Jonathan Pollak at a Jerusalem protest, last year.Credit: Ohad Zwigenberg
Left-wing activist Jonathan Pollak was released from custody Wednesday after an Israeli court judge dismissed as “meager, to say the least” a police complaint filed against Pollack by the right-wing group Ad Kan.
Police in Ariel arrested Pollak Tuesday evening for refusing to agree to a restraining order that he keep out of the West Bank.
Pollak, a Haaretz employee, was summoned for questioning at the Ariel police station in the West Bank on suspicions he participated in a protest in the Palestinian town of Kadum last year.
At the hearing on extending his detention, Petah Tikva Magistrate’s Court Judge Dorit Saban Noy, ordered him released, saying that the “reasonable suspicion presented to me is meager, to say the least.”

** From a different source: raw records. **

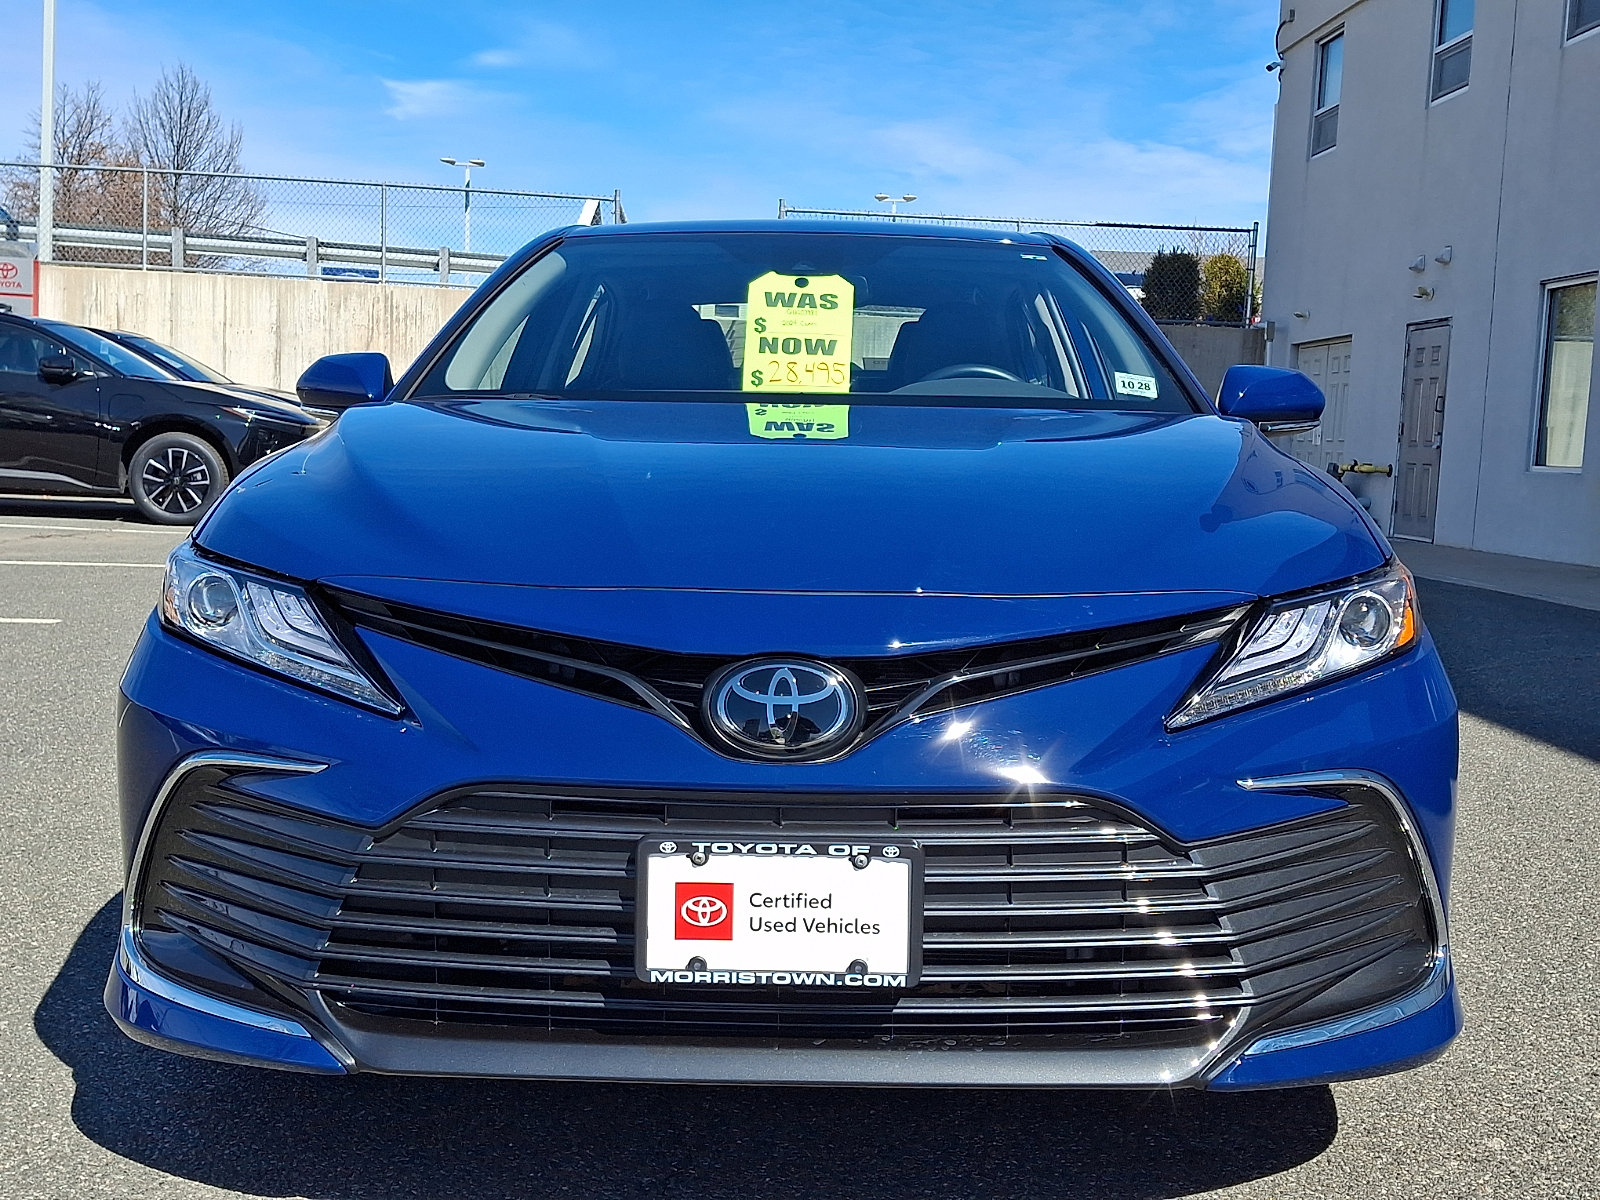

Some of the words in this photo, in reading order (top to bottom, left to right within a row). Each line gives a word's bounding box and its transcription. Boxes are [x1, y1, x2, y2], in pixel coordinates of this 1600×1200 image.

[0, 280, 23, 288] YOTA
[764, 291, 839, 310] WAS
[754, 317, 767, 334] $
[758, 336, 838, 356] NOW
[1120, 380, 1135, 389] 10
[1137, 382, 1151, 391] 28
[691, 842, 818, 856] TOYOTA
[828, 844, 872, 856] OF
[749, 892, 833, 909] Certified
[749, 917, 797, 933] Used
[803, 917, 881, 935] Vehicles
[650, 970, 907, 988] MORRISTOWN.COM

The criminal complaint states that Pollak took part in a violent protest during which rocks were thrown at Israeli soldiers and tires were set on fire. Ad Kan presented pictures from the protest in which Pollak is seen, and the organization made a number of complaints against him for allegedly throwing rocks and assaulting soldiers.
He was questioned on suspicions of rioting and interfering with the work of a public servant, and at the end of the questioning Pollak refused to sign his acceptance of the conditions of his release – and was arrested.

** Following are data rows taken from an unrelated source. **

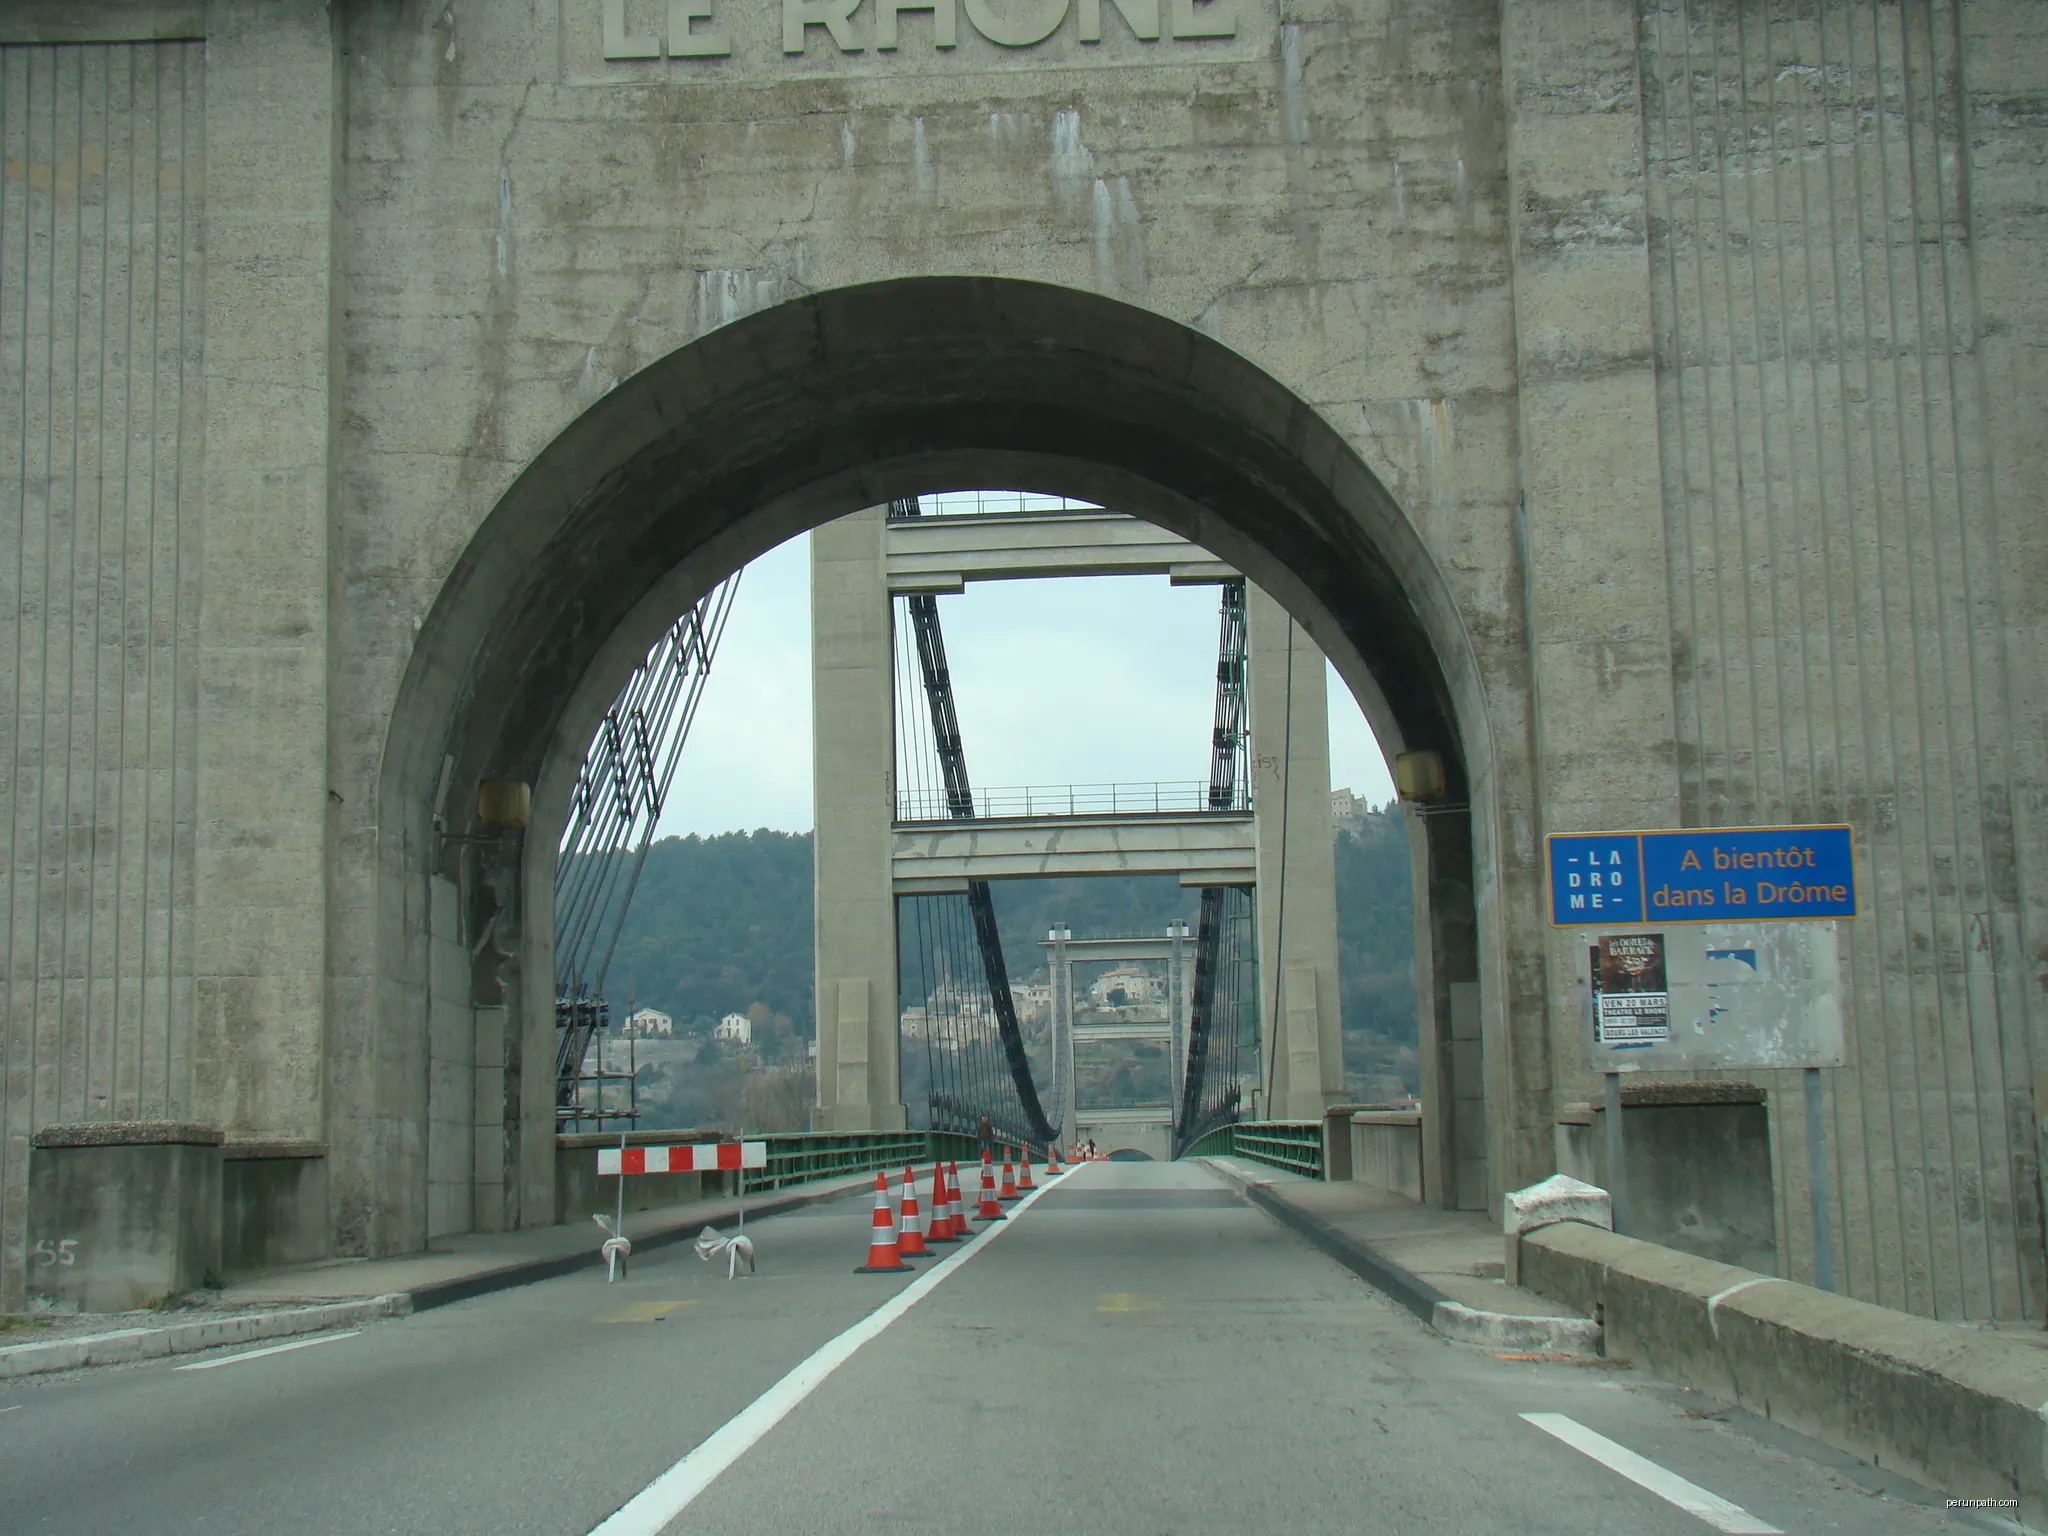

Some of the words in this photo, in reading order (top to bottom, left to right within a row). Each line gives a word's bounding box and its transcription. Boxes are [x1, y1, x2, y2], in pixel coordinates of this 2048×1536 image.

[604, 0, 731, 61] LE
[1680, 848, 1702, 872] A
[1713, 845, 1817, 871] bientôt
[1568, 871, 1623, 888] DRO
[1652, 884, 1716, 908] dans
[1724, 881, 1746, 905] la
[1757, 880, 1847, 905] Drôme
[1604, 999, 1623, 1008] VEN
[1626, 998, 1637, 1007] 20

Judge Dorit Saban Noy said during the hearing that “the investigating unit did not even provide [her] with the video in which the defendant can allegedly be seen committing the crimes.”

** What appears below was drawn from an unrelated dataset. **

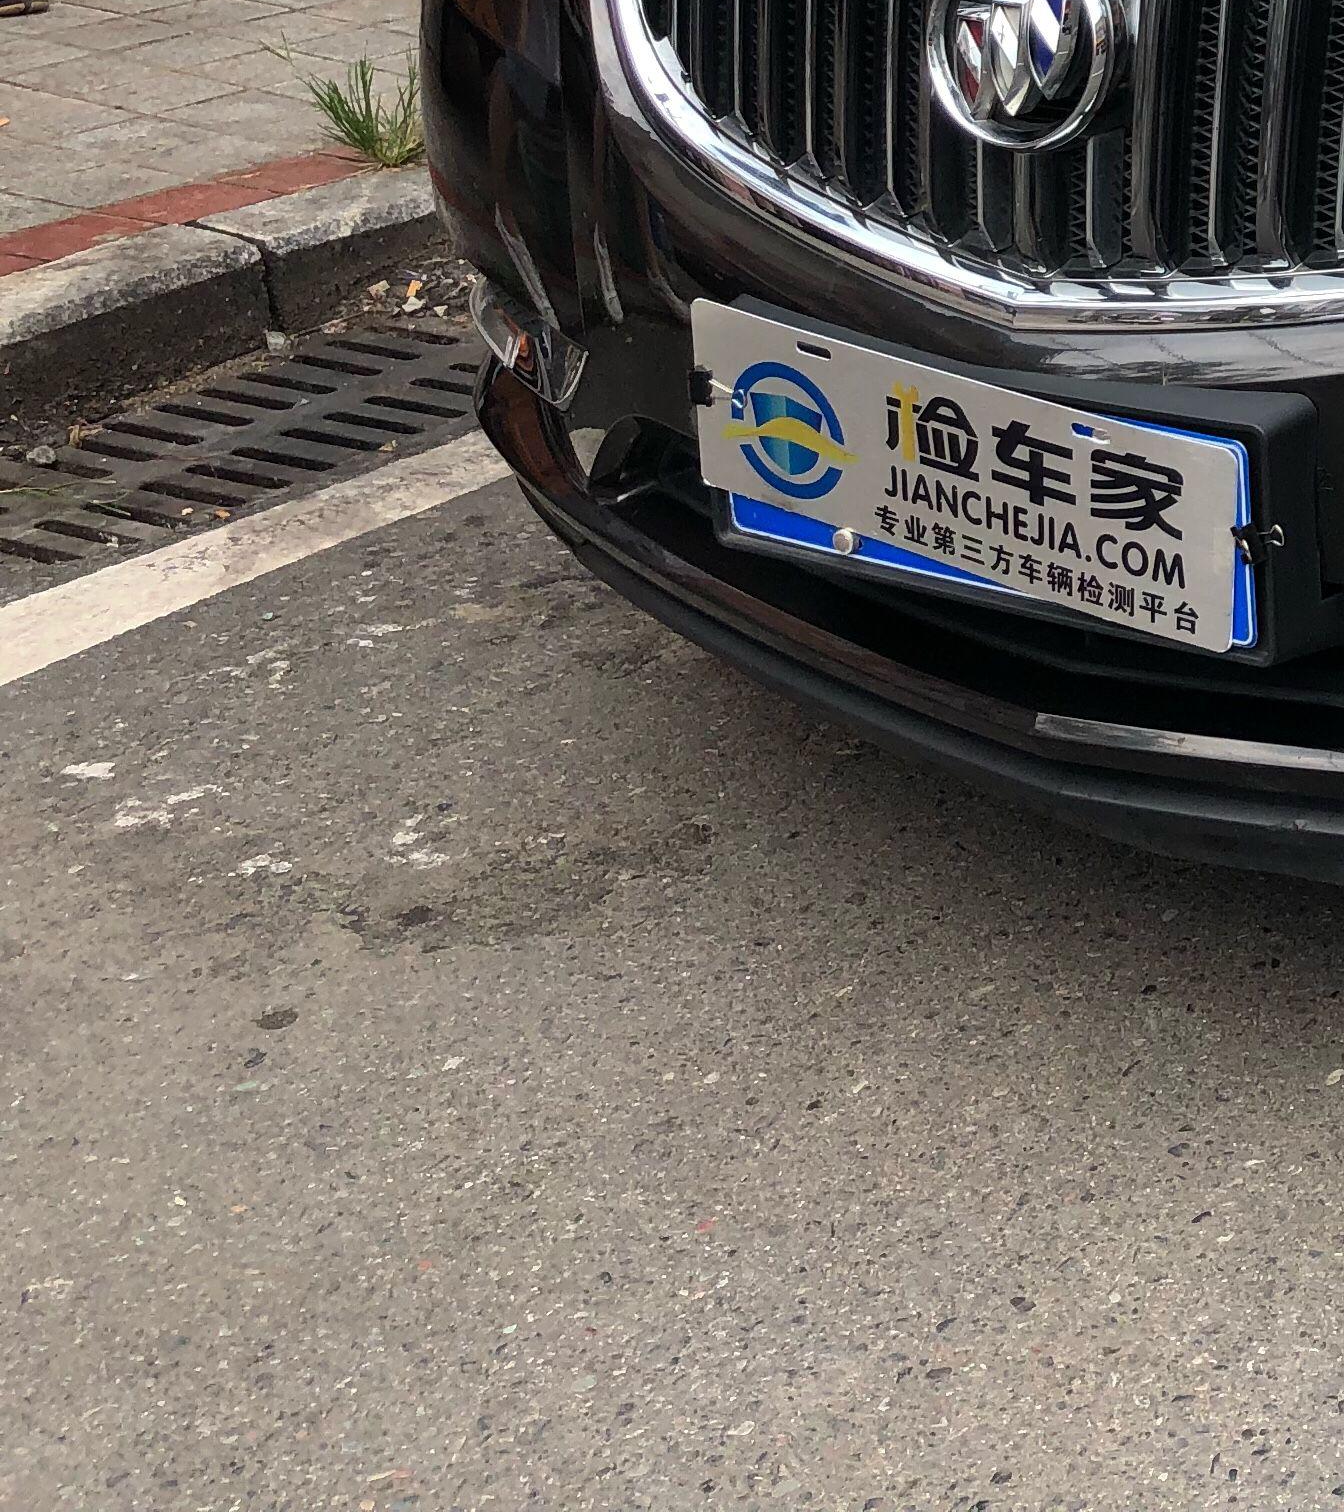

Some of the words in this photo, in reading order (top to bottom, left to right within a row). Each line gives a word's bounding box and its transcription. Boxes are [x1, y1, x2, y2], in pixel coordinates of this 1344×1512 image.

Moreover, the judge said she was not presented with the information on what investigative steps were taken. “Given these circumstances, it is regrettable that the suspect was brought to the court under arrest and that he was not released yesterday in the police station – even if he refused to agree to a restraining order to stay out of Judea and Samaria,” she said.
In January 2020, police officers arrested Pollak at Haaretz’s offices to carry out a subpoena issued after he refused to appear for hearings in his criminal case. In February 2020, he was questioned on suspicion of incitement to terror, after he wrote in an article published on the website of Haaretz in Hebrew. Pollak wrote, among other things: “Yes, we must cross the lines and break the law. Despite the price, we must join the children of the stones and firebombs. We must march in their footsteps.” These sentences were removed from the article shortly after its publication on the website, and did not appear in the print version of the newspaper.
In July 2020, Pollak was assaulted outside the Haaretz building by two men, who punched him and scratched his face with a knife. Pollak, an activist in the organization Anarchists Against the Wall, said the men called him a “leftist” and “anarchist.”